All Michigan residents are encouraged to read and discuss the book "Arc of Justice: A Saga of Race, Civil Rights and Murder in the Jazz Age' by Kevin Boyle during the Great Michigan Read. "Arc of Justice' is the true story of Dr. Ossian Sweet, a black physician who moved his family into an all-white neighborhood in Detroit in 1925. Sweet and others in his home were charged with murder after defending their new home from a mob. Legendary attorney Clarence Darrow was the lawyer for the defense during the pivotal civil rights trial.
Oct 3, 2011


Boyle’s thorough account of the Sweet trial and its aftermath combines courtroom drama, biography and social history in this often-forgotten episode of Michigan history.

Spring Lake District Library will be hosting a series of events in support of the book. Here is the schedule of programs:

— Wednesday, Oct. 12, 7 p.m.: “The Sweet Trial.” Guest speaker Dr. Walter Brame, who served as president and CEO of the Grand Rapids Urban League from 1979-92, will discuss the civil rights aspects of the Sweet trial.

— Sunday, Oct. 16, 3-4 p.m.: “Detroit’s Jazz Age.” Live music featuring 1920s Detroit Jazz classics performed by George Benson, Jim Cooper, Joe Oprea and Mike Van Lente. Introductions and commentary by WBLV-FM jazz expert Lazaro Vega. This program is funded in part by Michigan Humanities Council, an affiliate of the National Endowment for the Humanities.

— Tuesday, Oct. 25, 7 p.m.: “Community Book Discussion.” Hope College professor Dr. Fred Johnson III will lead a community book discussion of “Arc of Justice.” Copies of the book are available at Spring Lake District Library. The public is invited to and share their thoughts about the book.

— Wednesday, Nov. 2, 7 p.m.: “The Klan in Michigan.” Documentary filmmaker Dr. David Schock answers audience questions following a free screening about the Klan in Michigan.
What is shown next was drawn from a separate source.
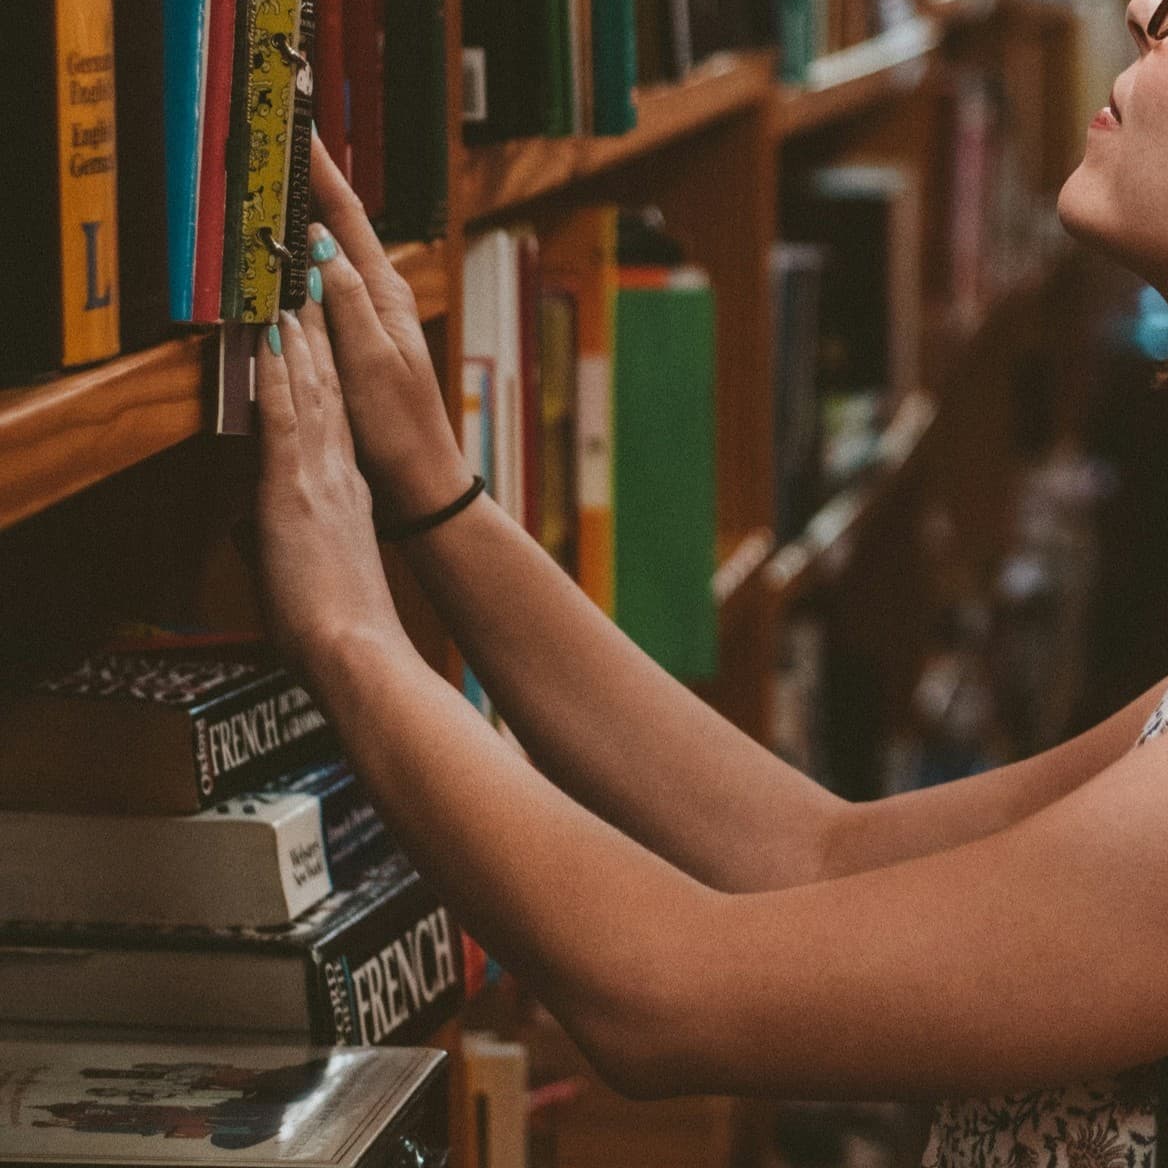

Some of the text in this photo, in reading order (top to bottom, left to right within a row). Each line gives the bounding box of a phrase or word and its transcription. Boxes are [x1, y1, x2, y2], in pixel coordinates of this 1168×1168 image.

Schock, a former Hope College professor, interviewed historians throughout the state to obtain the information contained in the film which examines the history of the KKK in Michigan.
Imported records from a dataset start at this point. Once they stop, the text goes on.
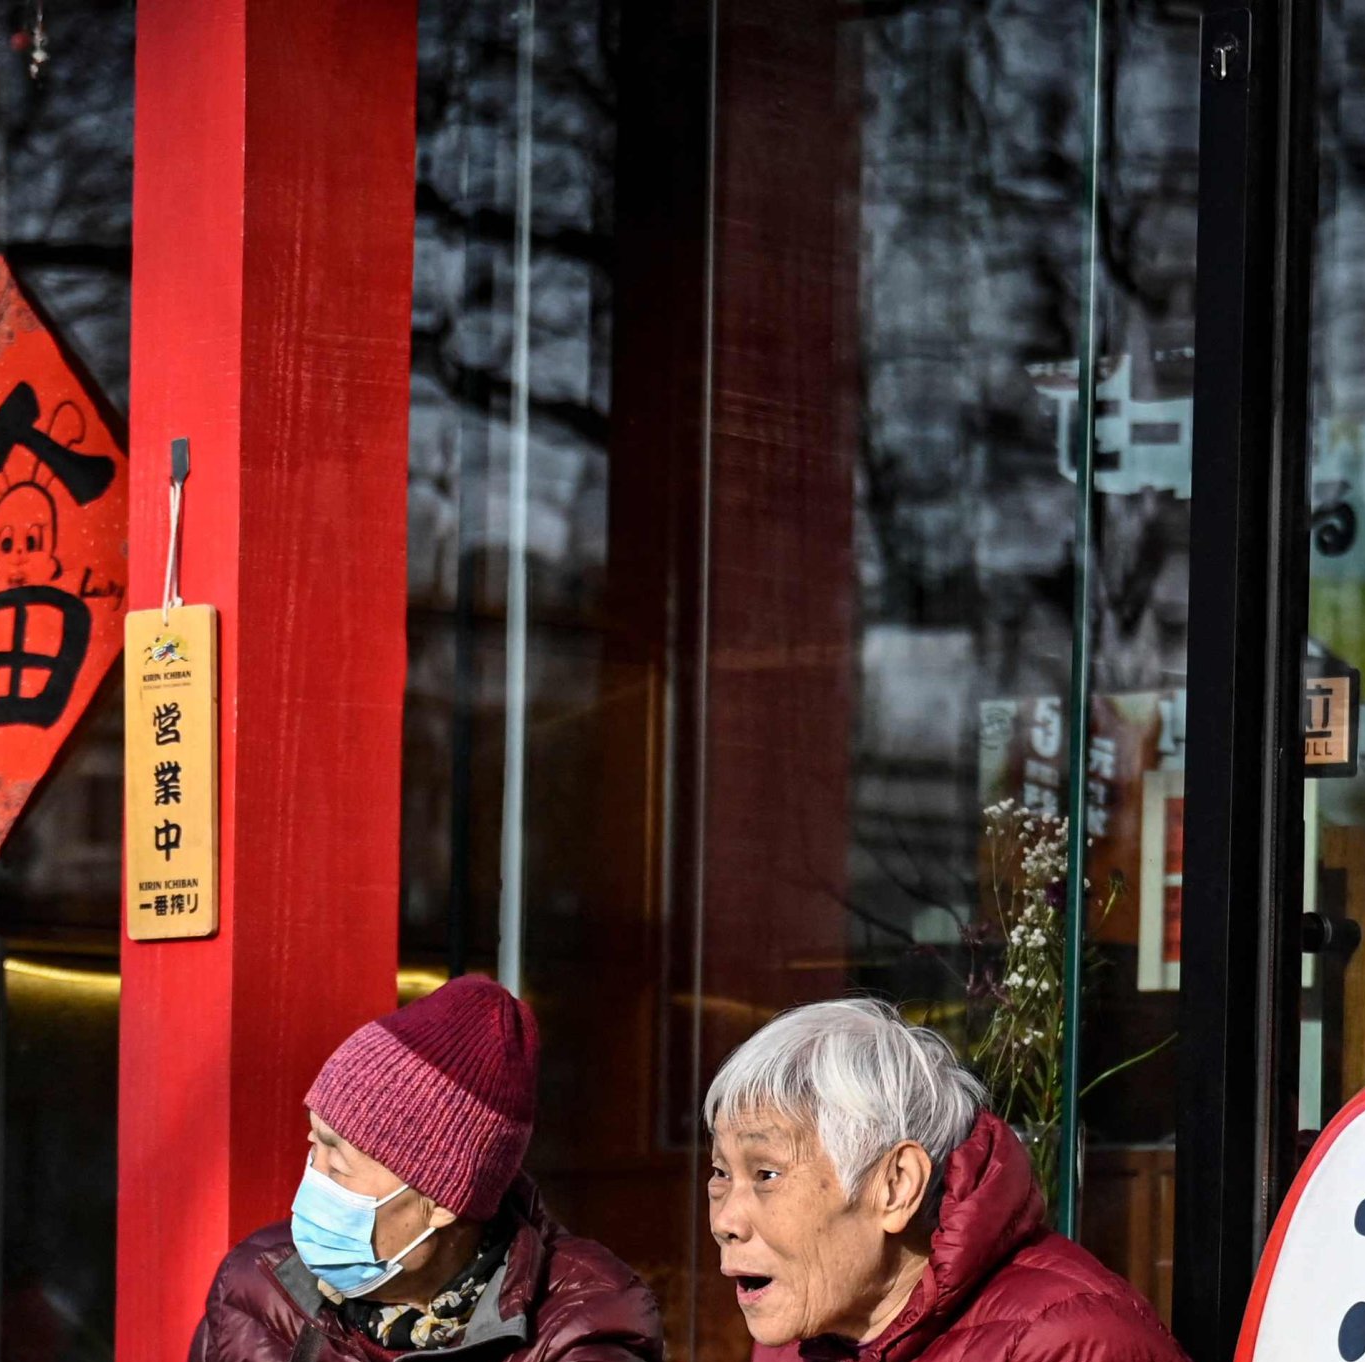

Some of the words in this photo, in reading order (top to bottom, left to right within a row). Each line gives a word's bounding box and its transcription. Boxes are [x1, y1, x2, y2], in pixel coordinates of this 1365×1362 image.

[142, 673, 162, 682] KIRIN
[163, 670, 192, 680] ICHIBAN
[152, 702, 182, 862] 営業中
[138, 881, 162, 891] KIRIN
[164, 878, 199, 889] ICHIBAN
The Great Michigan Read is a free statewide humanities initiative inviting Michiganians to read and participate in book discussions and events in their hometowns. Intended for young adults to senior citizens, the Great Michigan Read aims to make literature more accessible and appealing, while also encouraging residents to learn more about their state.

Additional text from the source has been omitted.